| WHAT THIS TASK INVOLVES |
Render every line of the data exactly as written, and leave out the pictures.

| EXCERPTED RECORDS |

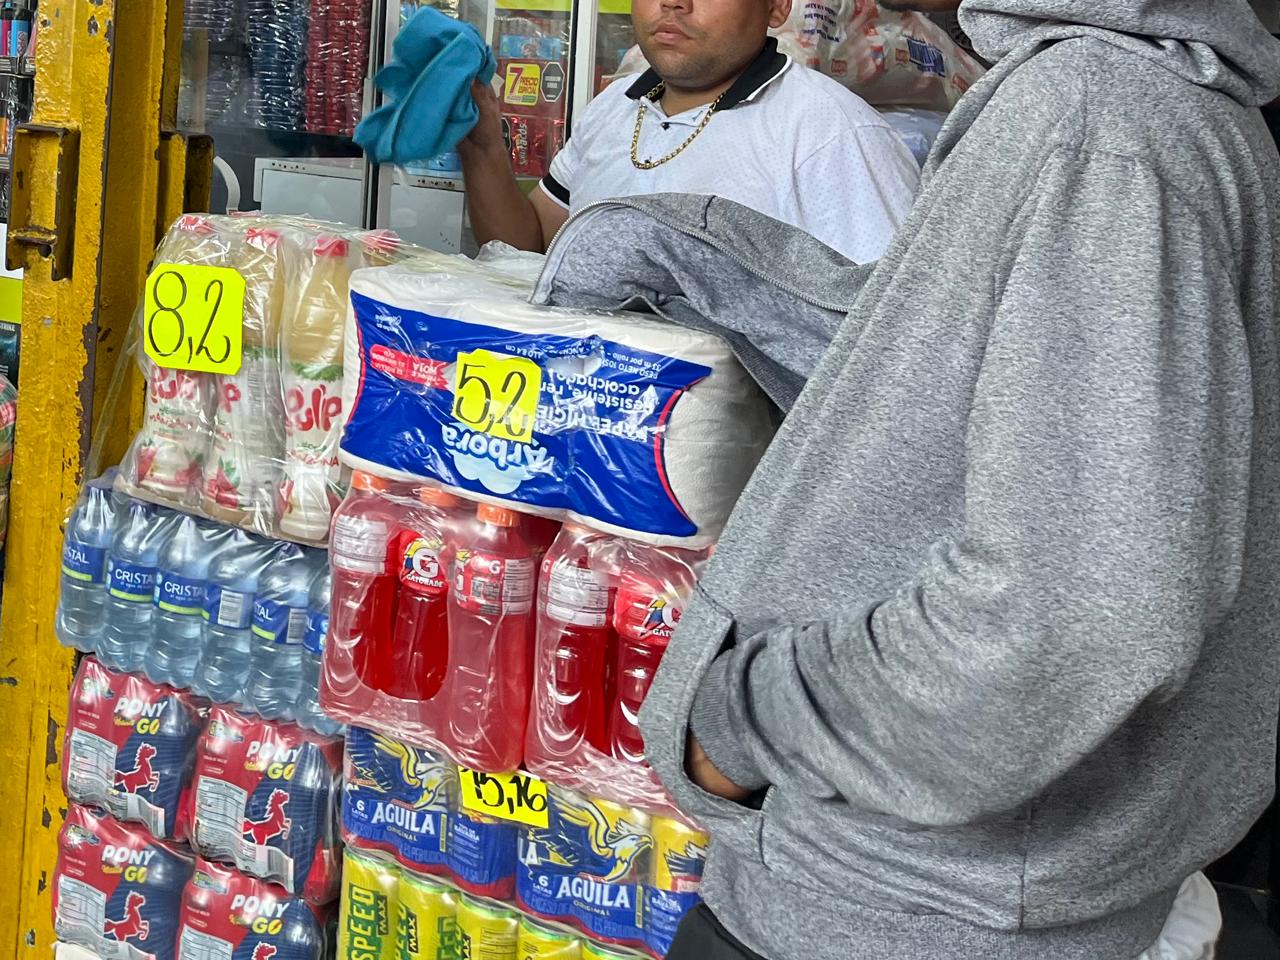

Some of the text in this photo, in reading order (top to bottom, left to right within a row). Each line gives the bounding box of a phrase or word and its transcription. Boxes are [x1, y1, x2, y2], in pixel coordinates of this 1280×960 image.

[509, 66, 524, 97] 7
[148, 270, 232, 365] 8,2
[455, 363, 528, 438] 5,2
[441, 424, 549, 470] Arbora
[406, 574, 444, 588] GATORADE
[114, 697, 169, 718] PONY
[136, 719, 161, 735] GO
[246, 740, 303, 763] PONY
[267, 763, 296, 780] GO
[356, 799, 366, 811] 6
[371, 801, 435, 836] AGUILA
[386, 825, 418, 842] ORIGINAL
[100, 844, 156, 867] PONY
[124, 865, 149, 884] GO
[538, 875, 548, 887] 6
[556, 876, 631, 909] AGUILA
[230, 894, 291, 917] PONY
[379, 899, 387, 933] MAX
[573, 899, 611, 917] ORIGINAL
[251, 917, 283, 936] GO
[350, 886, 377, 960] SPEED
[408, 916, 417, 951] MAX
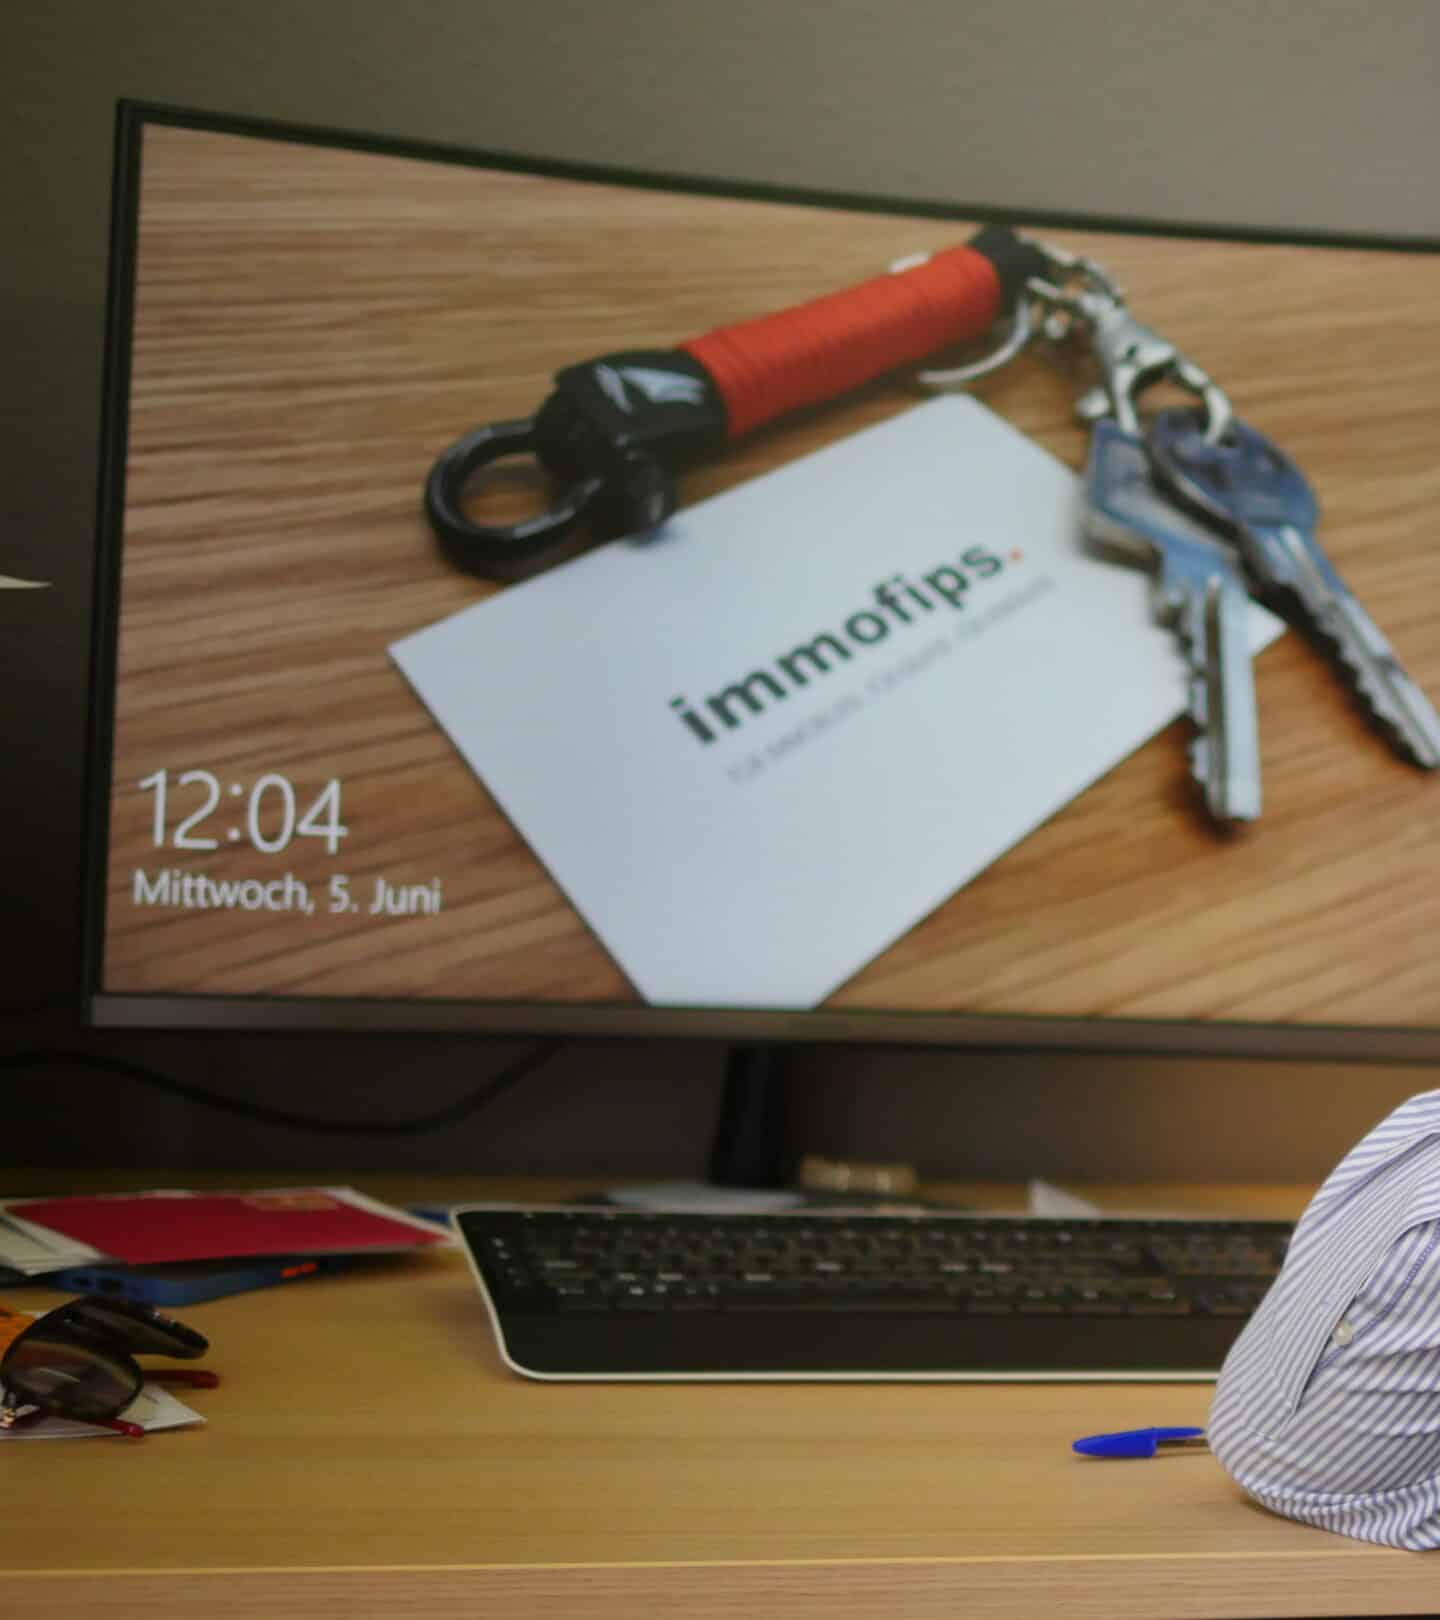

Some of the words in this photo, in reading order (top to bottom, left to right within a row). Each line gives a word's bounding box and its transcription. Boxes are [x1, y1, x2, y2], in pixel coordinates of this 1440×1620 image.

[669, 543, 1024, 745] immofips.
[138, 769, 348, 855] 12:04
[133, 869, 315, 915] Mittwoch,
[329, 875, 358, 914] 5.
[369, 878, 441, 915] Juni
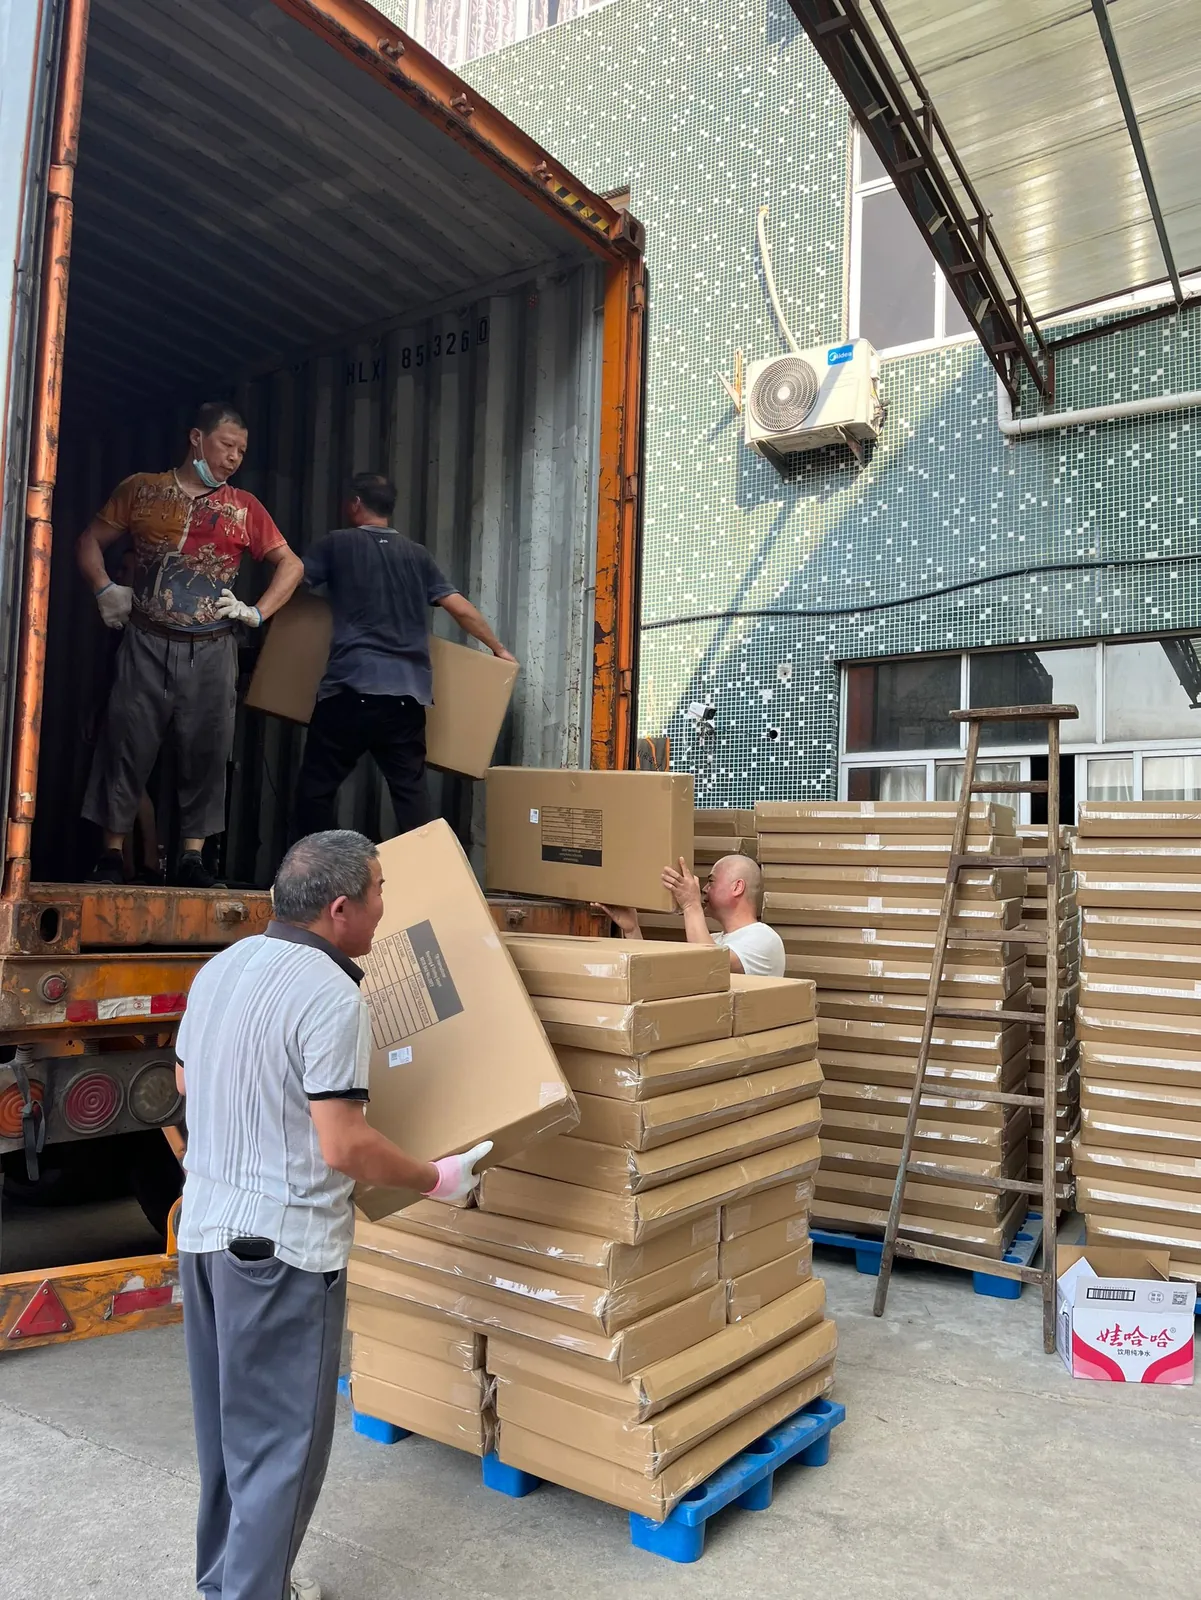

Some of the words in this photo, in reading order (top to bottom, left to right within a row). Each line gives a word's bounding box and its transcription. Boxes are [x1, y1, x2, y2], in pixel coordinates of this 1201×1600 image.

| ANSWER TO THIS EXERCISE |
Some of the text in this photo, in reading order (top to bottom, left to right within a row). Each line gives the bounding box of a phrase or word and its transcription. Boxes are [x1, y1, x2, y2], in pixel coordinates of this 1280×960 image.

[509, 66, 524, 97] 7
[148, 270, 232, 365] 8,2
[455, 363, 528, 438] 5,2
[441, 424, 549, 470] Arbora
[406, 574, 444, 588] GATORADE
[114, 697, 169, 718] PONY
[136, 719, 161, 735] GO
[246, 740, 303, 763] PONY
[267, 763, 296, 780] GO
[356, 799, 366, 811] 6
[371, 801, 435, 836] AGUILA
[386, 825, 418, 842] ORIGINAL
[100, 844, 156, 867] PONY
[124, 865, 149, 884] GO
[538, 875, 548, 887] 6
[556, 876, 631, 909] AGUILA
[230, 894, 291, 917] PONY
[379, 899, 387, 933] MAX
[573, 899, 611, 917] ORIGINAL
[251, 917, 283, 936] GO
[350, 886, 377, 960] SPEED
[408, 916, 417, 951] MAX

Some of the words in this photo, in reading order (top to bottom, left to right within a row). Each line gives a word's bounding box and its transcription. Boxes are [x1, y1, x2, y2], in pixel coordinates of this 1440×1620 image.

[669, 543, 1024, 745] immofips.
[138, 769, 348, 855] 12:04
[133, 869, 315, 915] Mittwoch,
[329, 875, 358, 914] 5.
[369, 878, 441, 915] Juni

Some of the words in this photo, in reading order (top to bottom, left to right within a row). Each line gives a word's bounding box and its transcription. Boxes are [x1, y1, x2, y2], in pixel coordinates of this 1201×1600 image.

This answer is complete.